• **TASK TO COMPLETE**: Line by line, transcribe the listing below exactly.

• **STORED DATA**:

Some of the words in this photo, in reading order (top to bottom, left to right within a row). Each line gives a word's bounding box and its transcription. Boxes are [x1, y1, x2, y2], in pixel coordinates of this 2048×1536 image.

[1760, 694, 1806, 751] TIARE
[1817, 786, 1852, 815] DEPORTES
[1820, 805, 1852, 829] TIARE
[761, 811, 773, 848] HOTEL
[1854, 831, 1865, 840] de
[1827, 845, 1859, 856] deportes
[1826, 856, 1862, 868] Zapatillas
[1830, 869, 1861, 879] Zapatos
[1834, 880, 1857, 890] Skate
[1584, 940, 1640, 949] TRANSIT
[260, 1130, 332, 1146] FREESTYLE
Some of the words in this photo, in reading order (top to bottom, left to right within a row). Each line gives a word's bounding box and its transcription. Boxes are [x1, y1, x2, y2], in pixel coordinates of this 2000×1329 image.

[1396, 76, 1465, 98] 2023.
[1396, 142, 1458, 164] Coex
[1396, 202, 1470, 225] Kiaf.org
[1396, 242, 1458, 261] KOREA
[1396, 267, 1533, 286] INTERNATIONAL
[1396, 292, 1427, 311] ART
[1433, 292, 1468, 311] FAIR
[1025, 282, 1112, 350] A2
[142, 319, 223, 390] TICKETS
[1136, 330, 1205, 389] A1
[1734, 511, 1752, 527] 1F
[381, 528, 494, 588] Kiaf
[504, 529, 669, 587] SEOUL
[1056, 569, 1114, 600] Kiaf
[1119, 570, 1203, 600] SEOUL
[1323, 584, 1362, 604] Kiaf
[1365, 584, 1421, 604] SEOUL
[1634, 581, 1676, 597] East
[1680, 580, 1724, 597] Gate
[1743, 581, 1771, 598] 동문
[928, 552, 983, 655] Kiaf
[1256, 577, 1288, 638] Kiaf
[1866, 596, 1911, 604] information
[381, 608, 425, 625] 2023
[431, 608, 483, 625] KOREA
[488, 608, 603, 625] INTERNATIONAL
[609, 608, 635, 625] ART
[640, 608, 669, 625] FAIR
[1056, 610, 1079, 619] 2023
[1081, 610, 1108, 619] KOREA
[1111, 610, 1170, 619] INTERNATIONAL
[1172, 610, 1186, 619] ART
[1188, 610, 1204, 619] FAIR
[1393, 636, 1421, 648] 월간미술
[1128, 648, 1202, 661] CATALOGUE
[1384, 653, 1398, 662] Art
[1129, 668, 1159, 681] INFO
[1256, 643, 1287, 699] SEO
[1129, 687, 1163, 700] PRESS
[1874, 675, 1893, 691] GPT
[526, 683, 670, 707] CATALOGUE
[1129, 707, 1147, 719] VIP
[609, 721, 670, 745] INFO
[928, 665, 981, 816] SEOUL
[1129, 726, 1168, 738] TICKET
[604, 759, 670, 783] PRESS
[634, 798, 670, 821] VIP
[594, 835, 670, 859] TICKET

• **FINAL ANSWER**:
Some of the words in this photo, in reading order (top to bottom, left to right within a row). Each line gives a word's bounding box and its transcription. Boxes are [x1, y1, x2, y2], in pixel coordinates of this 2048×1536 image.

[1760, 694, 1806, 751] TIARE
[1817, 786, 1852, 815] DEPORTES
[1820, 805, 1852, 829] TIARE
[761, 811, 773, 848] HOTEL
[1854, 831, 1865, 840] de
[1827, 845, 1859, 856] deportes
[1826, 856, 1862, 868] Zapatillas
[1830, 869, 1861, 879] Zapatos
[1834, 880, 1857, 890] Skate
[1584, 940, 1640, 949] TRANSIT
[260, 1130, 332, 1146] FREESTYLE
Some of the words in this photo, in reading order (top to bottom, left to right within a row). Each line gives a word's bounding box and its transcription. Boxes are [x1, y1, x2, y2], in pixel coordinates of this 2000×1329 image.

[1396, 76, 1465, 98] 2023.
[1396, 142, 1458, 164] Coex
[1396, 202, 1470, 225] Kiaf.org
[1396, 242, 1458, 261] KOREA
[1396, 267, 1533, 286] INTERNATIONAL
[1396, 292, 1427, 311] ART
[1433, 292, 1468, 311] FAIR
[1025, 282, 1112, 350] A2
[142, 319, 223, 390] TICKETS
[1136, 330, 1205, 389] A1
[1734, 511, 1752, 527] 1F
[381, 528, 494, 588] Kiaf
[504, 529, 669, 587] SEOUL
[1056, 569, 1114, 600] Kiaf
[1119, 570, 1203, 600] SEOUL
[1323, 584, 1362, 604] Kiaf
[1365, 584, 1421, 604] SEOUL
[1634, 581, 1676, 597] East
[1680, 580, 1724, 597] Gate
[1743, 581, 1771, 598] 동문
[928, 552, 983, 655] Kiaf
[1256, 577, 1288, 638] Kiaf
[1866, 596, 1911, 604] information
[381, 608, 425, 625] 2023
[431, 608, 483, 625] KOREA
[488, 608, 603, 625] INTERNATIONAL
[609, 608, 635, 625] ART
[640, 608, 669, 625] FAIR
[1056, 610, 1079, 619] 2023
[1081, 610, 1108, 619] KOREA
[1111, 610, 1170, 619] INTERNATIONAL
[1172, 610, 1186, 619] ART
[1188, 610, 1204, 619] FAIR
[1393, 636, 1421, 648] 월간미술
[1128, 648, 1202, 661] CATALOGUE
[1384, 653, 1398, 662] Art
[1129, 668, 1159, 681] INFO
[1256, 643, 1287, 699] SEO
[1129, 687, 1163, 700] PRESS
[1874, 675, 1893, 691] GPT
[526, 683, 670, 707] CATALOGUE
[1129, 707, 1147, 719] VIP
[609, 721, 670, 745] INFO
[928, 665, 981, 816] SEOUL
[1129, 726, 1168, 738] TICKET
[604, 759, 670, 783] PRESS
[634, 798, 670, 821] VIP
[594, 835, 670, 859] TICKET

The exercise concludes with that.